140 As we have said we also, with respect, disagree with the conclusion of the primary judge, at [160], that the Authority only considered the risk of violence in accessing the city, not living in it. A fair reading of the entirety of the Authority’s reasons does not, in our opinion, support that distinction.
141 We would uphold Ground 3 of the Minister’s appeal on the basis that, of itself, no jurisdictional error on the part of the Authority is disclosed. However, since the respondent’s review as a whole is to be remitted to the Authority for reconsideration according to law we note for completeness that the issue of relocation does not stand outside that remitter and it may remain for reconsideration once the Authority has considered whether to invite the respondent to respond to the information that was not before the Minister.
Issue 4
142 This issue is whether, as raised by Ground 1 of the respondent’s amended notice of contention, the primary judge erred in failing to find that the Authority in fact acted pursuant to s 473DC(3) of the Migration Act in issuing its letter of 27 October 2016 and that in that circumstance the Authority’s non-compliance with s 473DF(2) of the Migration Act, read with r 4.42(a) of the Migration Regulations, resulted in jurisdictional error.
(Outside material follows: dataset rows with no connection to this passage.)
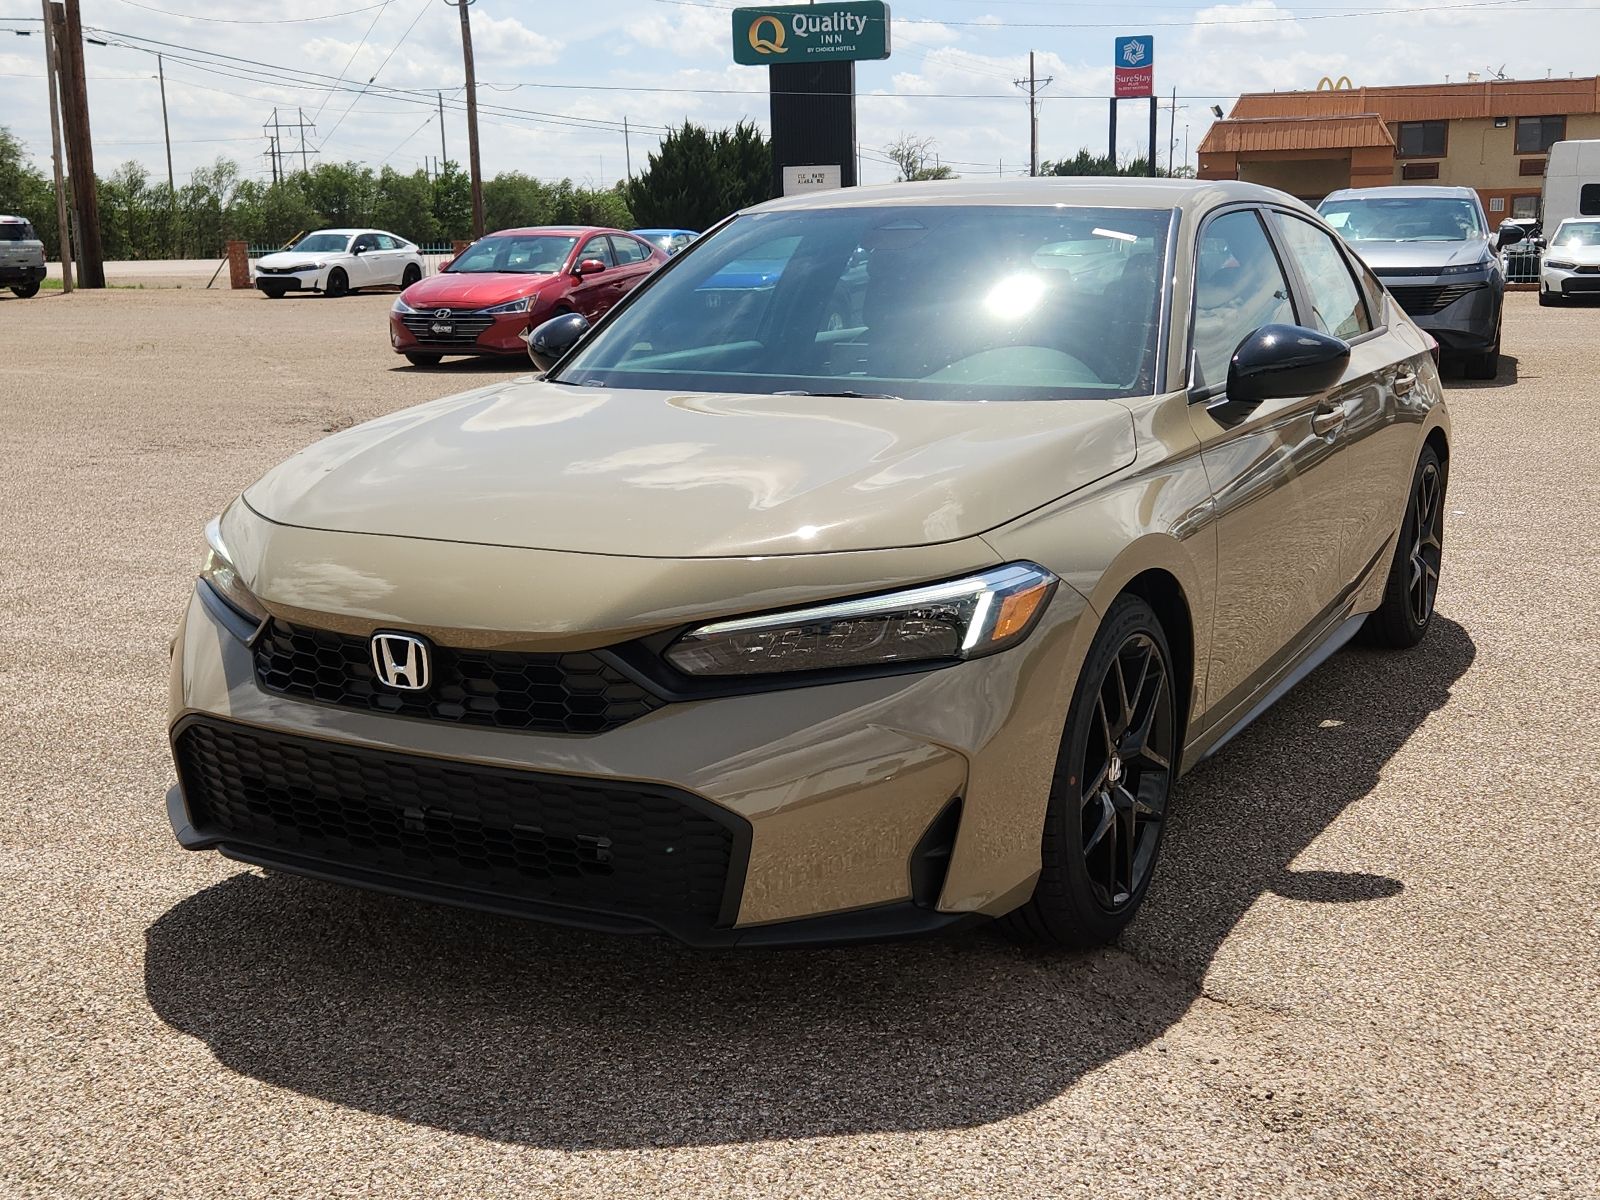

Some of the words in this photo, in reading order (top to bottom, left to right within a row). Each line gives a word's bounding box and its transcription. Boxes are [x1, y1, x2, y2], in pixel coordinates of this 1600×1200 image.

[792, 11, 867, 37] Quality
[820, 34, 842, 44] INN
[1115, 74, 1151, 83] SureStay
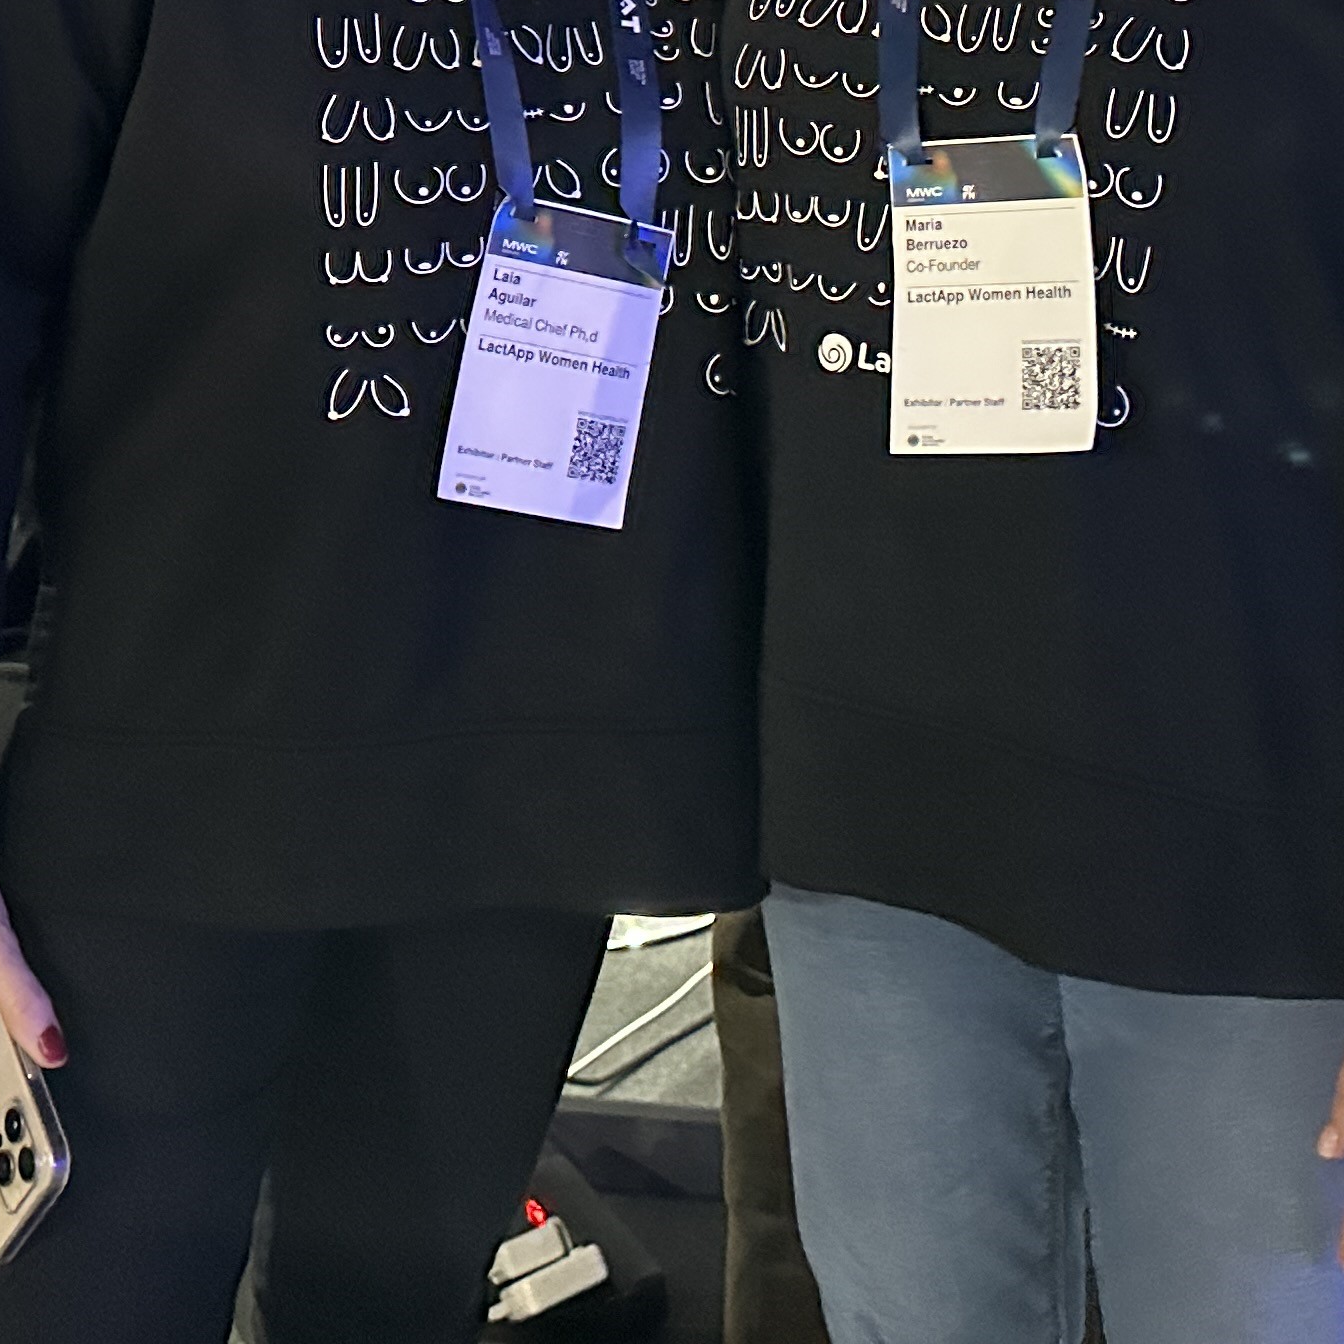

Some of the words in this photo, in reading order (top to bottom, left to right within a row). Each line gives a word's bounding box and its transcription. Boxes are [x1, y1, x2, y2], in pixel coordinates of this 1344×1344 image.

[906, 186, 944, 198] MWC
[502, 238, 539, 255] MWC
[906, 238, 968, 252] Berruezo
[906, 258, 981, 273] Co-Founder
[488, 287, 537, 307] Aguilar
[907, 289, 964, 306] LactApp
[968, 286, 1021, 302] Women
[1025, 285, 1072, 300] Health
[483, 308, 533, 330] Medical
[535, 318, 568, 337] Chief
[478, 338, 534, 362] LactApp
[539, 349, 588, 371] Women
[592, 360, 630, 380] Health
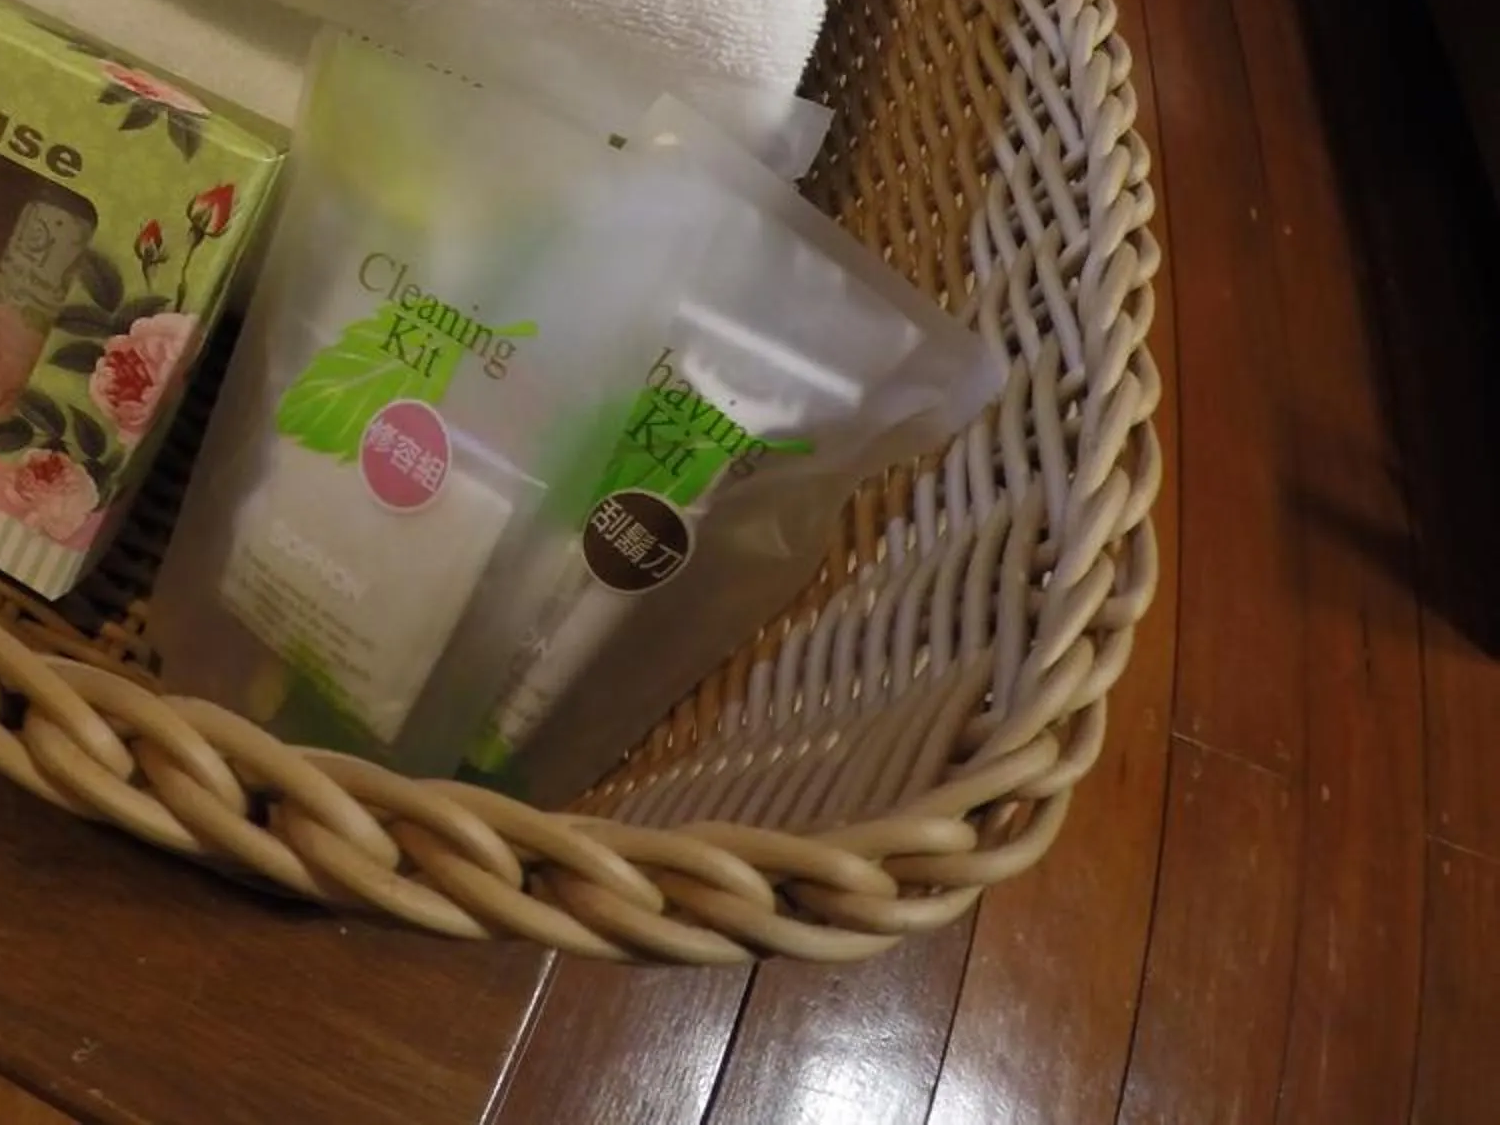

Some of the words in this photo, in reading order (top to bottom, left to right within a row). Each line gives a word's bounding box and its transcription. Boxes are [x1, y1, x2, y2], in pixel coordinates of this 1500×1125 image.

[357, 251, 517, 381] Cleaning
[379, 313, 441, 378] Kit
[626, 399, 697, 478] Kit
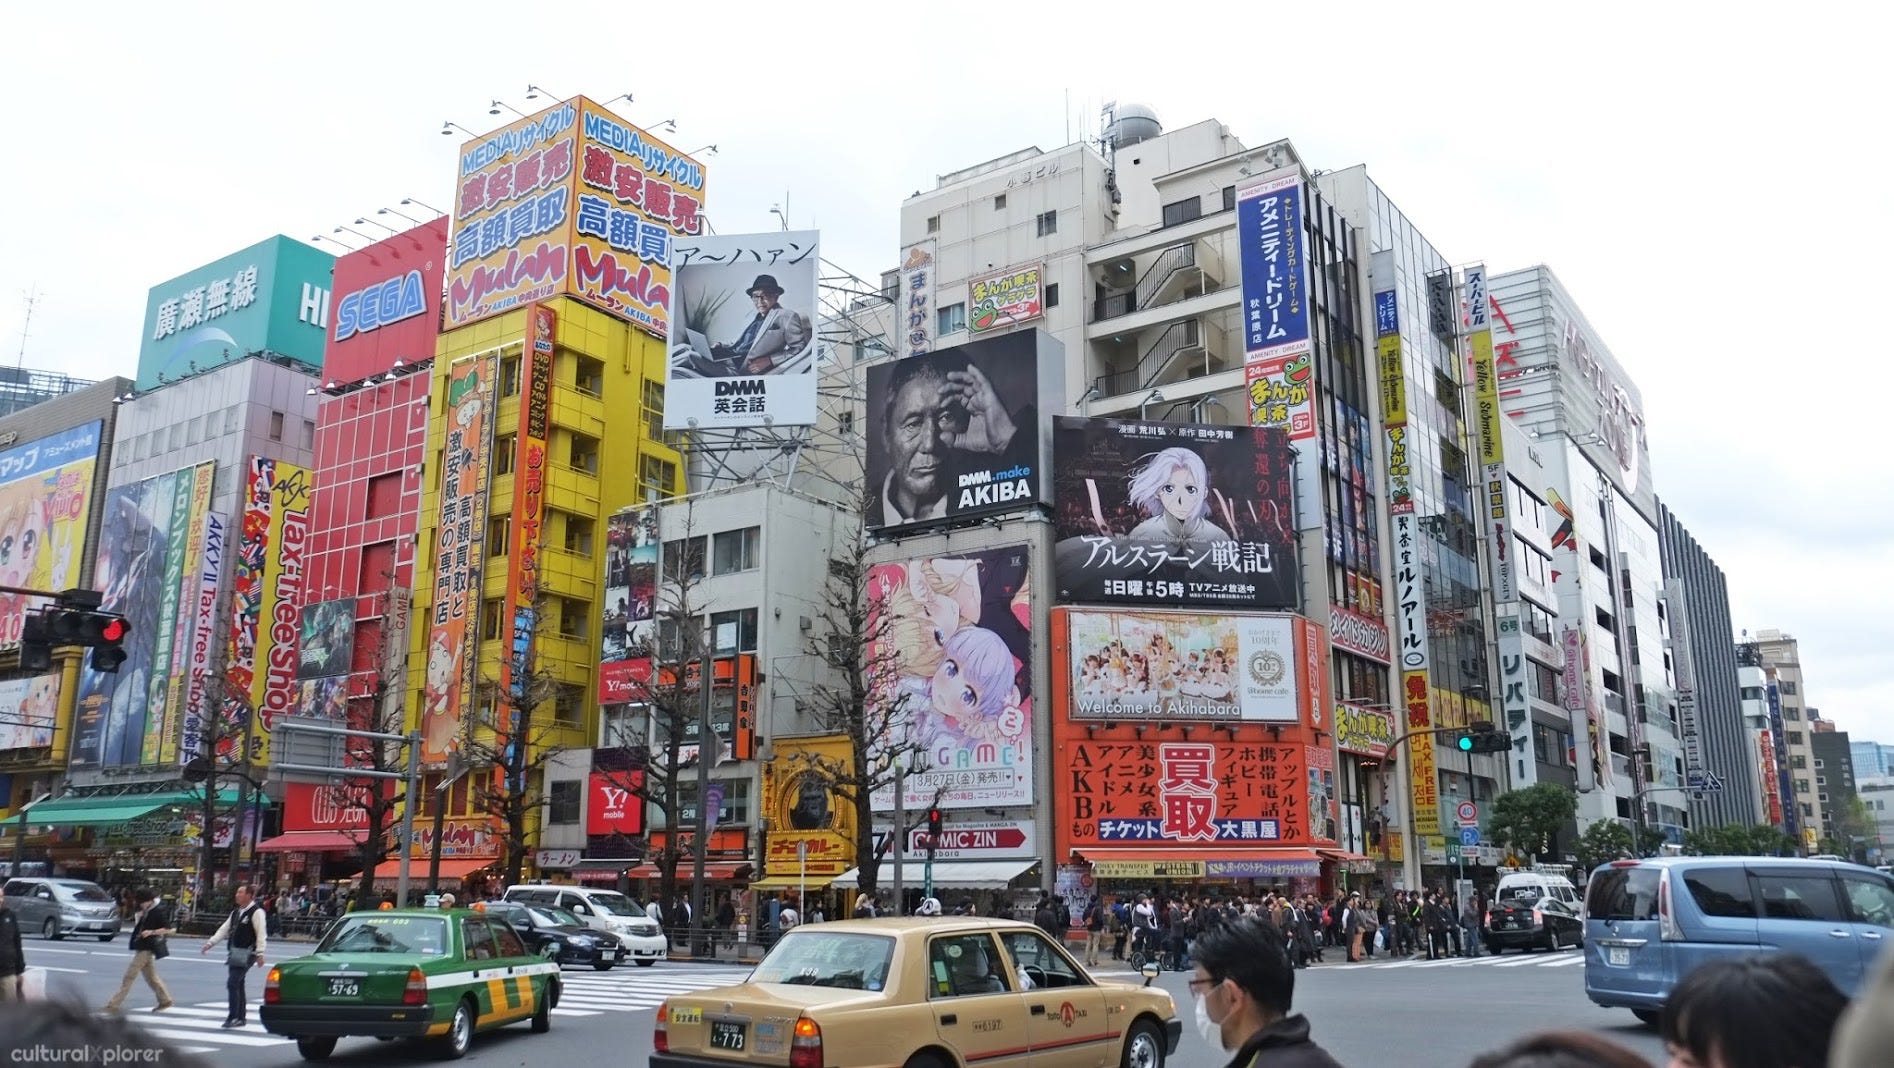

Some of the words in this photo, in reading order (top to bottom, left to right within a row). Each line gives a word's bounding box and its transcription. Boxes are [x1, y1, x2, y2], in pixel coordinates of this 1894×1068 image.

143 We have set out at [12] above the relevant provisions of the Migration Act. As we have said, r 4.42 provides that for s 473DF(2), the period for giving information or comments in response to an invitation given by the Authority to a referred applicant is, for a referred applicant in immigration detention, three working days after the referred applicant is notified of the invitation.
144 By s 473DE, the Authority is required, in certain circumstances, to give an applicant particulars of new information. The provision does not apply to new information that is not specifically about the applicant and is just about a class of persons of which the applicant is a member.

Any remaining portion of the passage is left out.